They can then use these observed characteristics of the sample data, which are properly called "statistics," to make inferences or educated guesses about the unmeasured or unmeasured characteristics of the broader population, known as the parameters. Descriptive statistics mostly focus on the central tendency, variability, and distribution of sample data. Central tendency means the estimate of the characteristics, a typical element of a sample or population, and includes descriptive statistics such as mean , median , and mode.
Variability refers to a set of statistics that show how much difference there is among the elements of a sample or population along the characteristics measured, and includes metrics such as range , variance , and standard deviation. The distribution refers to the overall "shape" of the data, which can be depicted on a chart such as a histogram or dot plot, and includes properties such as the probability distribution function, skewness, and kurtosis. Descriptive statistics can also describe differences between observed characteristics of the elements of a data set.
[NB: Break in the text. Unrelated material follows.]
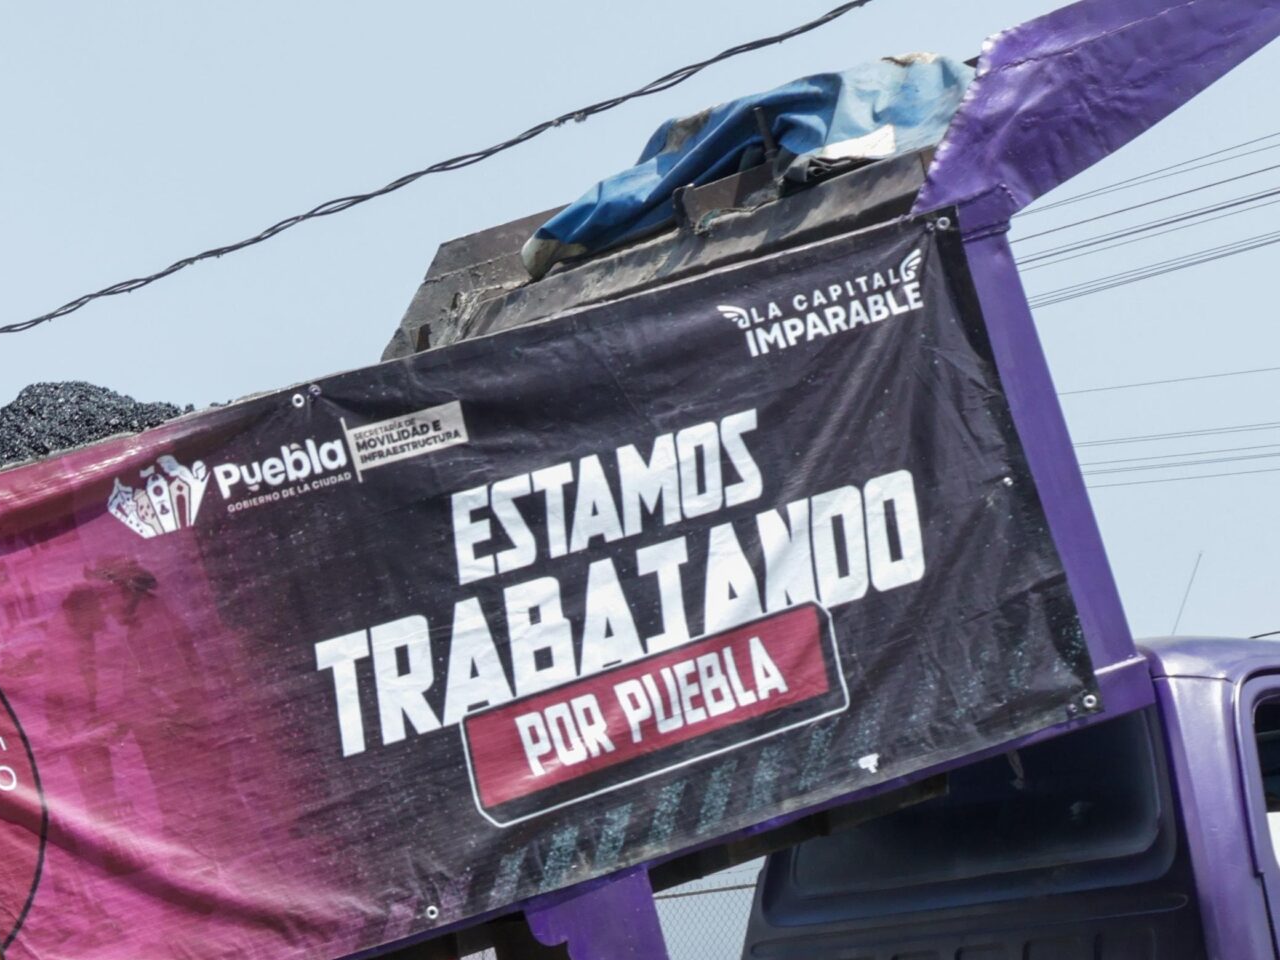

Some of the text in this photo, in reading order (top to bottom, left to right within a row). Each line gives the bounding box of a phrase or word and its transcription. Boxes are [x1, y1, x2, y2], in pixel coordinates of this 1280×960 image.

Descriptive statistics help us understand the collective properties of the elements of a data sample and form the basis for testing hypotheses and making predictions using inferential statistics. Inferential statistics are tools that statisticians use to draw conclusions about the characteristics of a population, drawn from the characteristics of a sample, and to decide how certain they can be of the reliability of those conclusions.
Based on the sample size and distribution statisticians can calculate the probability that statistics, which measure the central tendency, variability, distribution, and relationships between characteristics within a data sample, provide an accurate picture of the corresponding parameters of the whole population from which the sample is drawn.
Inferential statistics are used to make generalizations about large groups, such as estimating average demand for a product by surveying a sample of consumers' buying habits or to attempt to predict future events, such as projecting the future return of a security or asset class based on returns in a sample period.
Regression analysis is a widely used technique of statistical inference used to determine the strength and nature of the relationship i. The output of a regression model is often analyzed for statistical significance , which refers to the claim that a result from findings generated by testing or experimentation is not likely to have occurred randomly or by chance but is likely to be attributable to a specific cause elucidated by the data.
Having statistical significance is important for academic disciplines or practitioners that rely heavily on analyzing data and research. Descriptive statistics are used to describe or summarize the characteristics of a sample or data set, such as a variable's mean, standard deviation, or frequency.
Inferential statistics, in contrast, employs any number of techniques to relate variables in a data set to one another, for example using correlation or regression analysis. These can then be used to estimate forecasts or infer causality. Statistics are used widely across an array of applications and professions.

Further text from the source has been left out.